È naturale che il raccolto di quelle semine di cui dicevo non possa che essere il disprezzo per i diritti ed ancor più per le garanzie dei detenuti. Se le istituzioni ai massimi livelli proclamano che i cittadini assolti sono solo imputati che l’hanno fatta franca, cosa volete che un agente di polizia penitenziaria, privo, non per sua colpa, della minima cultura giurisdizionale, possa ricavarne? Ed è quindi conseguenziale che il disprezzo per il mondo dei reclusi, reputati figli di un Dio minore, si riverberi anche sul diritto di difesa. Proprio in questi giorni sto vivendo un’esperienza mortificante per il diritto di difesa, letteralmente neutralizzato per un imputato detenuto ad Agrigento. Trattandosi di un nuovo assistito, coinvolto in processi gravi e complicati, dal 13 giugno sto inondando quel carcere di richieste per un video- colloquio a distanza, tutte rimaste prive di qualsivoglia riscontro, nonostante ordinanze perentorie in tal senso della stessa Autorità giudiziaria. Si ha la sensazione di scontrarsi contro un muro di gomma, al quale puoi indirizzare mail ordinarie, pec, telefonate, tutti tentativi che rimbalzano senza alcuna risposta, o un cenno, pur se negativo, di considerazione. E tutto questo mentre le udienze dei processi continuano a svolgersi, senza però essermi potuto confrontare con il cliente. Situazione che, come è facile comprendere, non consente un compiuto esercizio del diritto di difesa e che sembra rientrare in una precisa strategia: collocare l’imputato a notevole distanza dal luogo di celebrazione dei processi, in maniera da imporre più giorni di viaggio per un colloquio difensivo e contemporaneamente ignorare le richieste di colloquio a distanza del difensore.
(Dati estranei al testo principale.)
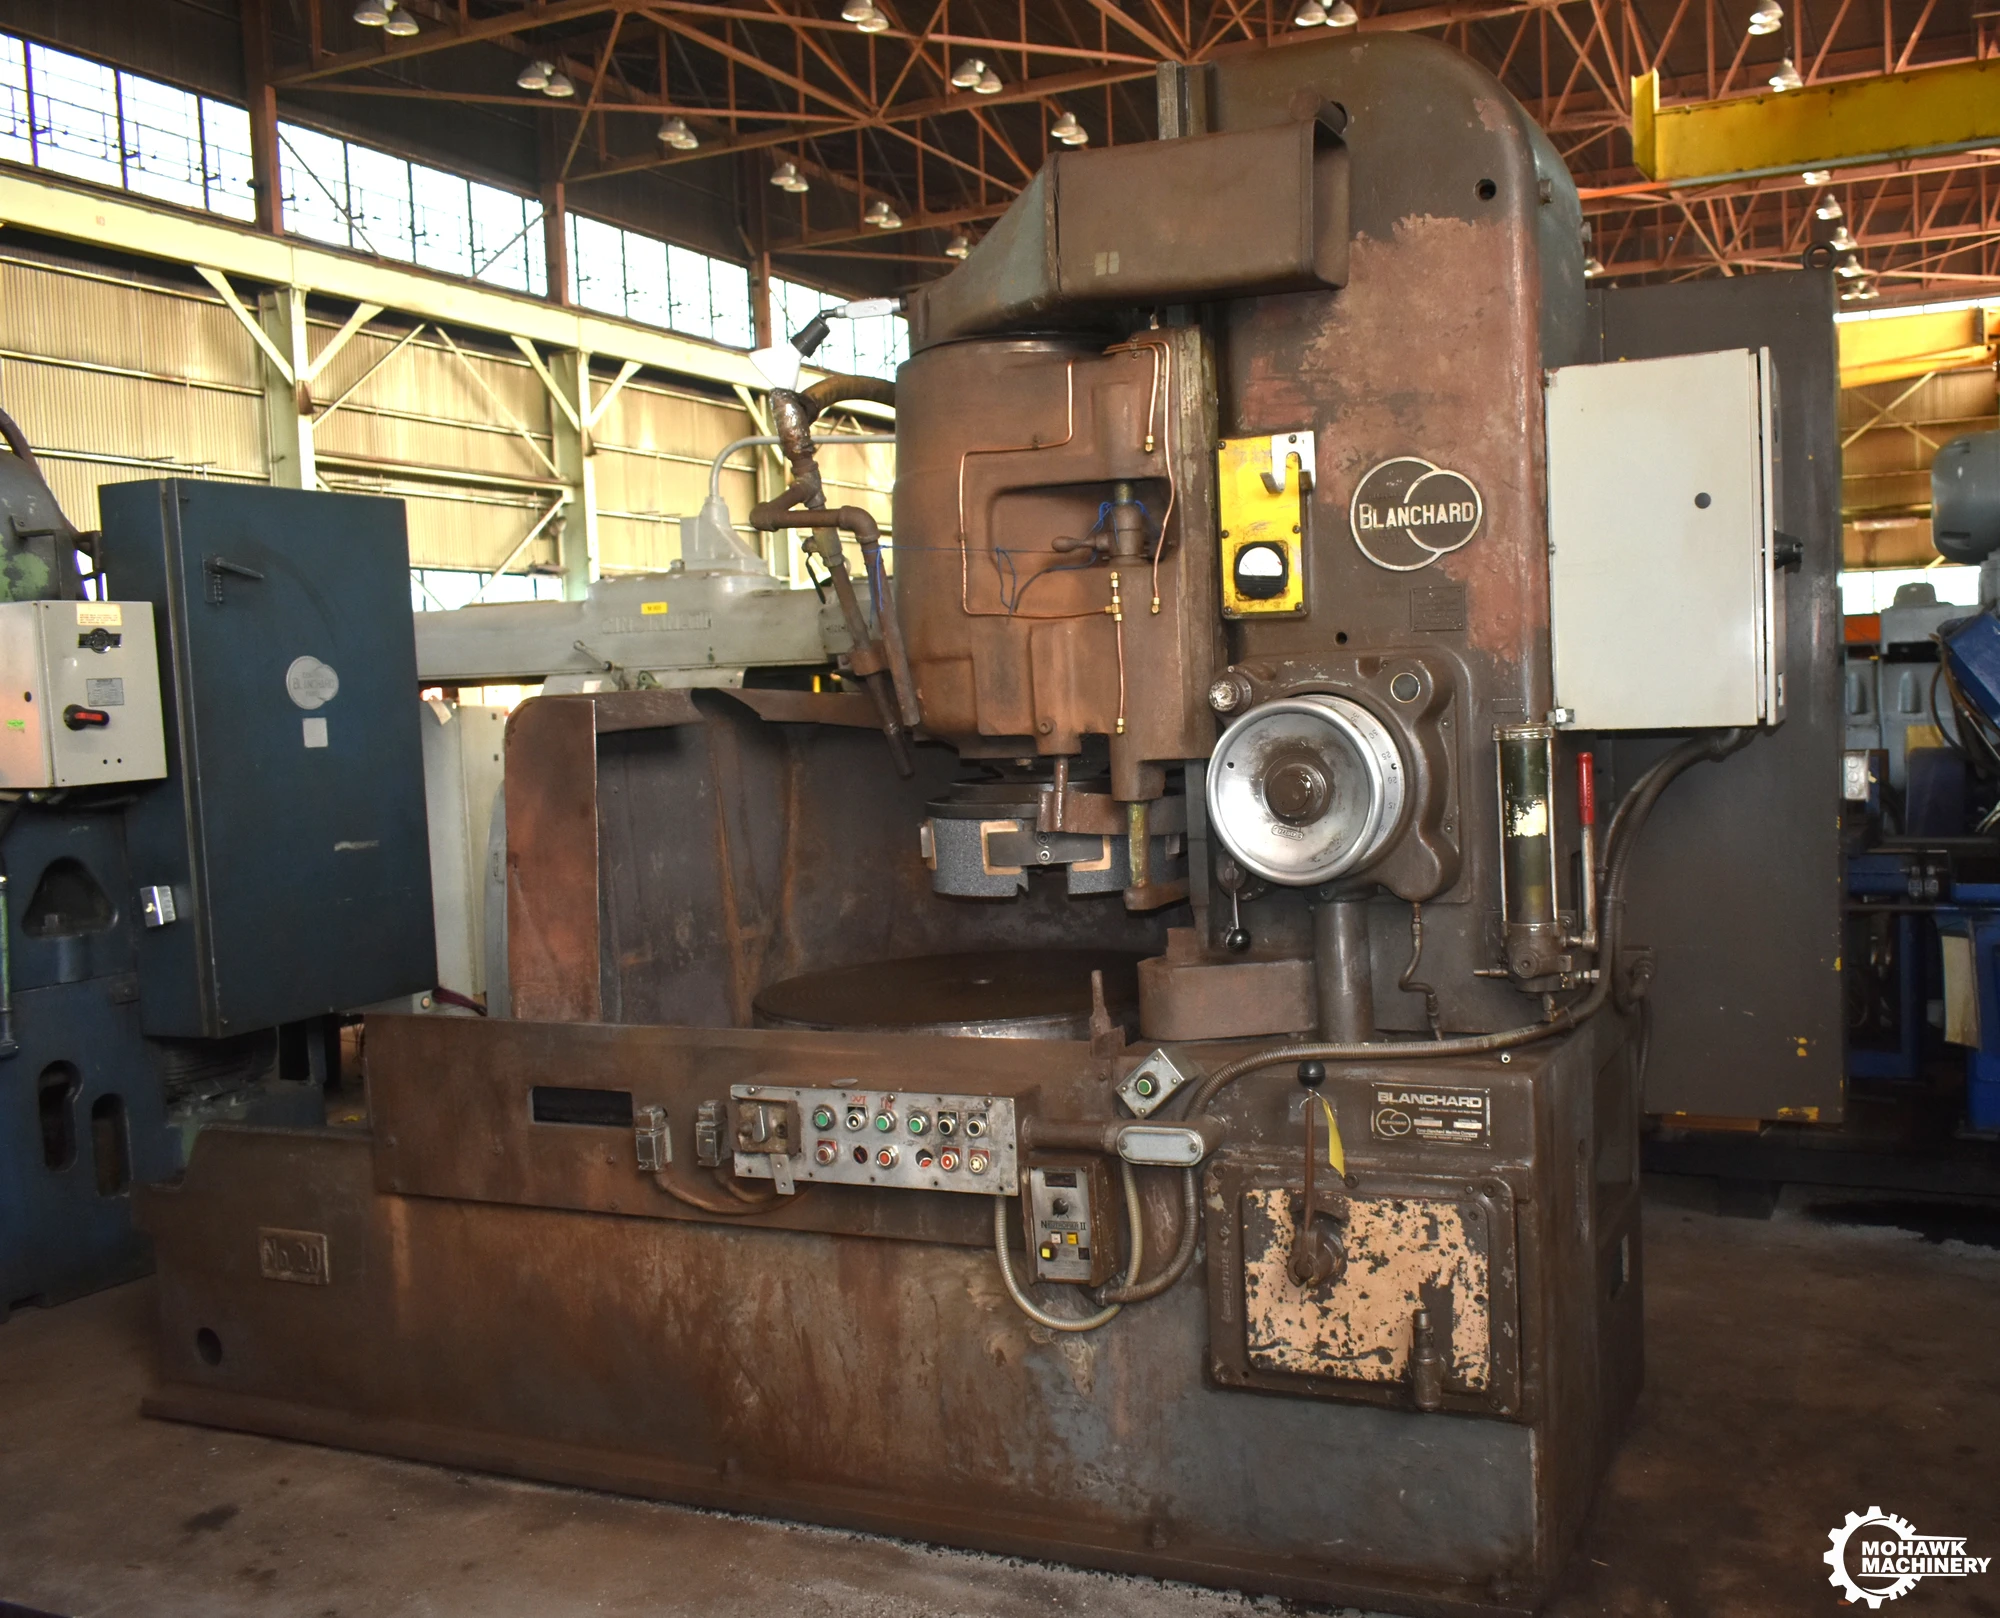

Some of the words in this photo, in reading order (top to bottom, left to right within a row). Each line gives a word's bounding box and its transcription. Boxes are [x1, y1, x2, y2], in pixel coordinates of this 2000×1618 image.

[1358, 501, 1475, 530] BLANCHARD
[1368, 728, 1379, 740] 30
[1381, 750, 1392, 760] 25
[1387, 776, 1397, 784] 20
[1388, 802, 1397, 810] 15
[1377, 1091, 1483, 1108] BLANCHARD
Del resto non è l’unico caso che vede rimanere inevase anche ordinanze dei Giudici: di recente mi è capitato pure che una richiesta di documentazione sanitaria formulata dall’Autorità giudiziaria per un indagato, malato grave e detenuto a Milano, nonostante i ripetuti solleciti della cancelleria, abbia impiegato mesi per essere evasa, pur a fronte di un provvedimento del Giudice che disponeva la trasmissione entro 48 ore della documentazione già richiesta mesi prima.
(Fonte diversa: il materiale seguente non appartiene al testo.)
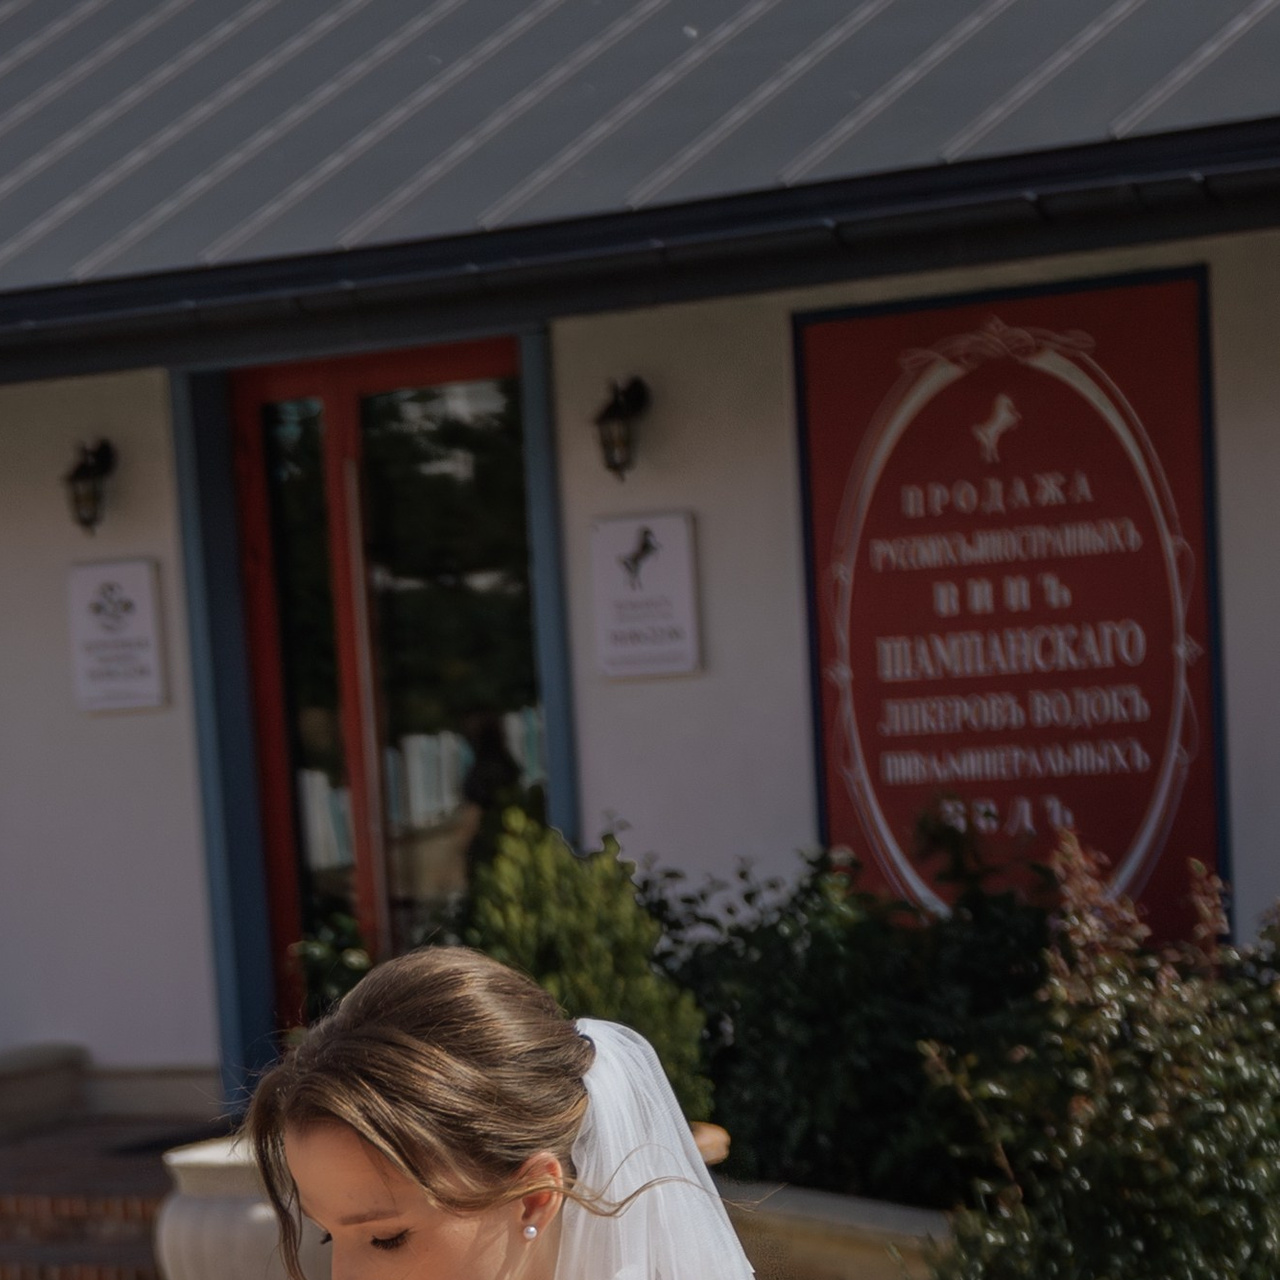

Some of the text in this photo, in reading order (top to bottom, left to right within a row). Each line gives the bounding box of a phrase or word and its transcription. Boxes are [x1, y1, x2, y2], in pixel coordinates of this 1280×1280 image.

[901, 471, 1093, 518] ПРОДАЖА
[933, 573, 1072, 617] ВИНЪ
[877, 619, 1146, 681] ШАМПАНСКАГО
[1029, 685, 1150, 729] ВОДОКЪ
Su questa diminuita ai diritti dei detenuti può aver pesato anche la durissima campagna condotta da alcuni organi di informazione, e da alcuni magistrati, contro le cosiddette, e fantomatiche, “scarcerazioni di massa dei boss”?

Quanto accaduto all’epoca, ha segnato una bruttissima pagina di cronaca giudiziaria per il nostro Paese, segnando il ritorno al medioevo del diritto penale. In quella circostanza, infatti, il legislatore è entrato nelle camere di consiglio dei Giudici per modificarne le decisioni adottate per l’emergenza sanitaria in atto, sull’onda emotiva delle polemiche giornalistiche create da professionisti del panico, lanciando un messaggio forte e chiaro, secondo il quale le carceri sono una discarica umana della nostra società, dove relegare soggetti legibus solutus all’inverso, ovvero “sciolto dalle leggi” perché privo di diritti, anche di quelli costituzionalmente tutelati, come il diritto alla salute.

Ha fiducia in un’iniziativa dell’attuale ministra della Giustizia Cartabia in materia di diritti dei detenuti e miglioramento immediato delle condizioni di chi deve comunque espiare una pena? Crede cioè che sarà possibile portare a compimento quella parte della riforma Orlando rimasta in sospeso?

Il profilo altissimo dell’attuale ministro della Giustizia è esattamente quel che ci voleva per riportare al centro il rispetto della dignità umana e il recupero del senso di umanità ormai smarrito dopo la gestione Bonafede. Certo, la Giustizia è sempre un tema politicamente scivoloso, ma se non si comprende che la crisi del processo in Italia è politica, ed è politica perché è culturale, ed ancora, è culturale perché è valoriale, non ne verremo mai più fuori. È quindi imprescindibile impegnarsi per recuperare i valori fondanti del nostro Paese. Se non ci riusciamo con un ministro già presidente della Corte costituzionale, allora forse dovremo dimenticarci una volta per tutte, di esser stati il Paese di Beccaria e che, come ci insegna Aharon Barak, in una democrazia la lotta al crimine deve procedere sempre con una mano legata dietro la schiena, anche di fronte alle emergenze criminali più allarmanti.